▸ **Exercise details**
Transcribe these records exactly, dropping every picture.

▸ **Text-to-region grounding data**
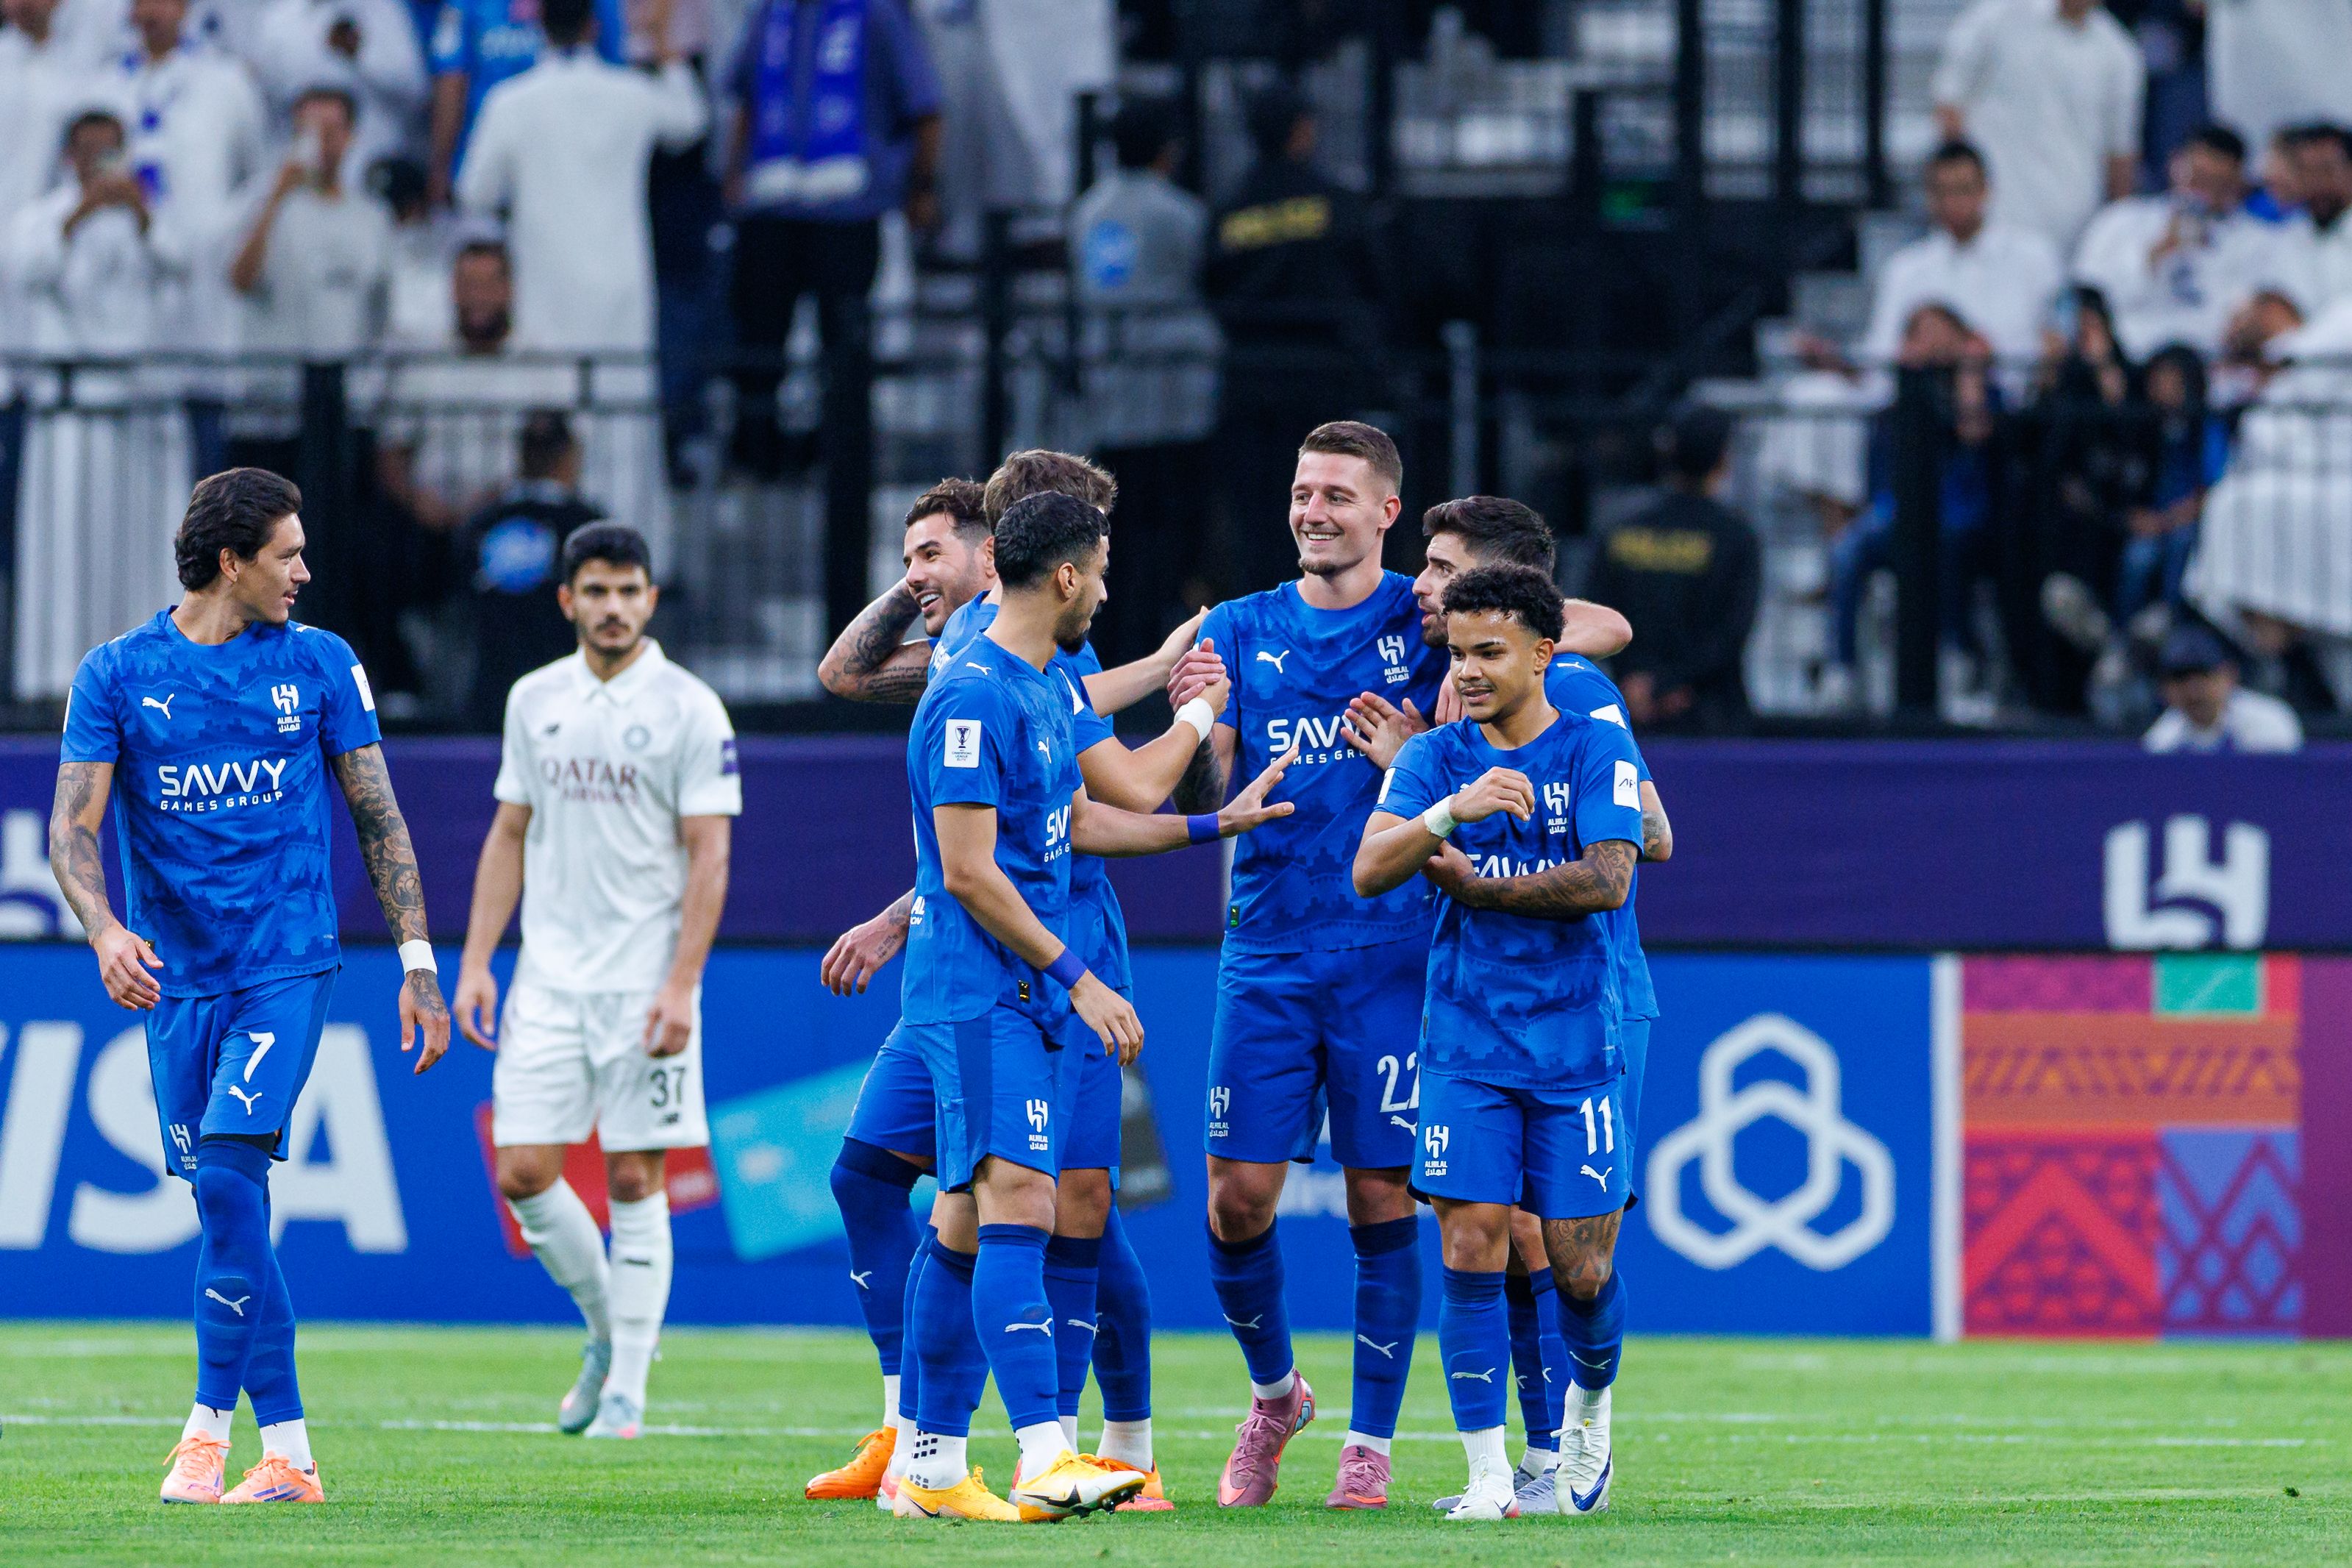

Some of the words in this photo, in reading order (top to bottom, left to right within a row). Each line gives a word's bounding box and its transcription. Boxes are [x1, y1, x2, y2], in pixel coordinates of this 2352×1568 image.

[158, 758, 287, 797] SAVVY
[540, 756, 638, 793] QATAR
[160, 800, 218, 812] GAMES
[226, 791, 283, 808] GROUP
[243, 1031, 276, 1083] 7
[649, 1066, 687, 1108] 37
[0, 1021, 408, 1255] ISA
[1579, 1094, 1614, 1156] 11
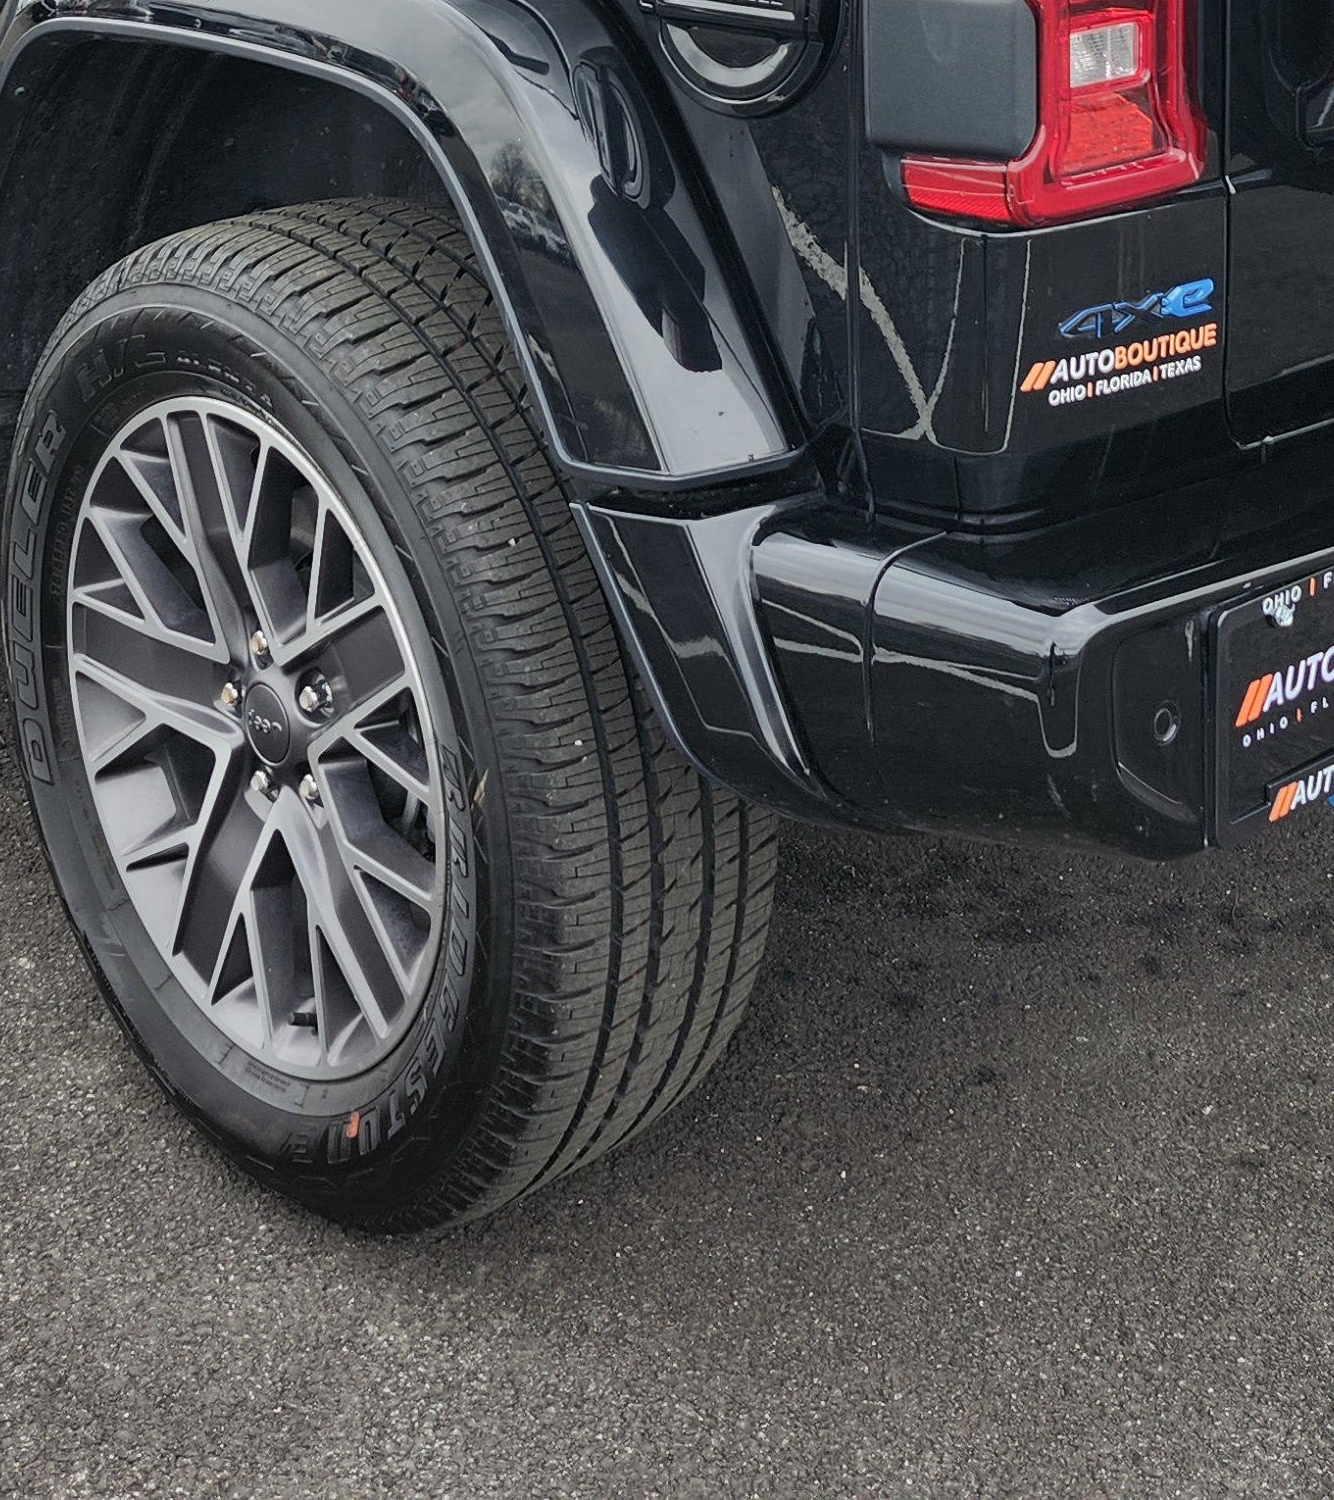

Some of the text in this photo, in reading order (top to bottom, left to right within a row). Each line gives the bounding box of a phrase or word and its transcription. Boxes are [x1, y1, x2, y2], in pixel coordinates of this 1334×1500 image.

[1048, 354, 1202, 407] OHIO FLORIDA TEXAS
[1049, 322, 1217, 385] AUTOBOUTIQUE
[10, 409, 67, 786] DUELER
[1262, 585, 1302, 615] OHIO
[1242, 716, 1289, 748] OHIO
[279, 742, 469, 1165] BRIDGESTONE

▸ **Exercise solution**
Some of the words in this photo, in reading order (top to bottom, left to right within a row). Each line gives a word's bounding box and its transcription. Boxes are [x1, y1, x2, y2], in pixel coordinates of this 2352×1568 image.

[158, 758, 287, 797] SAVVY
[540, 756, 638, 793] QATAR
[160, 800, 218, 812] GAMES
[226, 791, 283, 808] GROUP
[243, 1031, 276, 1083] 7
[649, 1066, 687, 1108] 37
[0, 1021, 408, 1255] ISA
[1579, 1094, 1614, 1156] 11

Some of the text in this photo, in reading order (top to bottom, left to right within a row). Each line gives the bounding box of a phrase or word and its transcription. Boxes are [x1, y1, x2, y2], in pixel coordinates of this 1334×1500 image.

[1048, 354, 1202, 407] OHIO FLORIDA TEXAS
[1049, 322, 1217, 385] AUTOBOUTIQUE
[10, 409, 67, 786] DUELER
[1262, 585, 1302, 615] OHIO
[1242, 716, 1289, 748] OHIO
[279, 742, 469, 1165] BRIDGESTONE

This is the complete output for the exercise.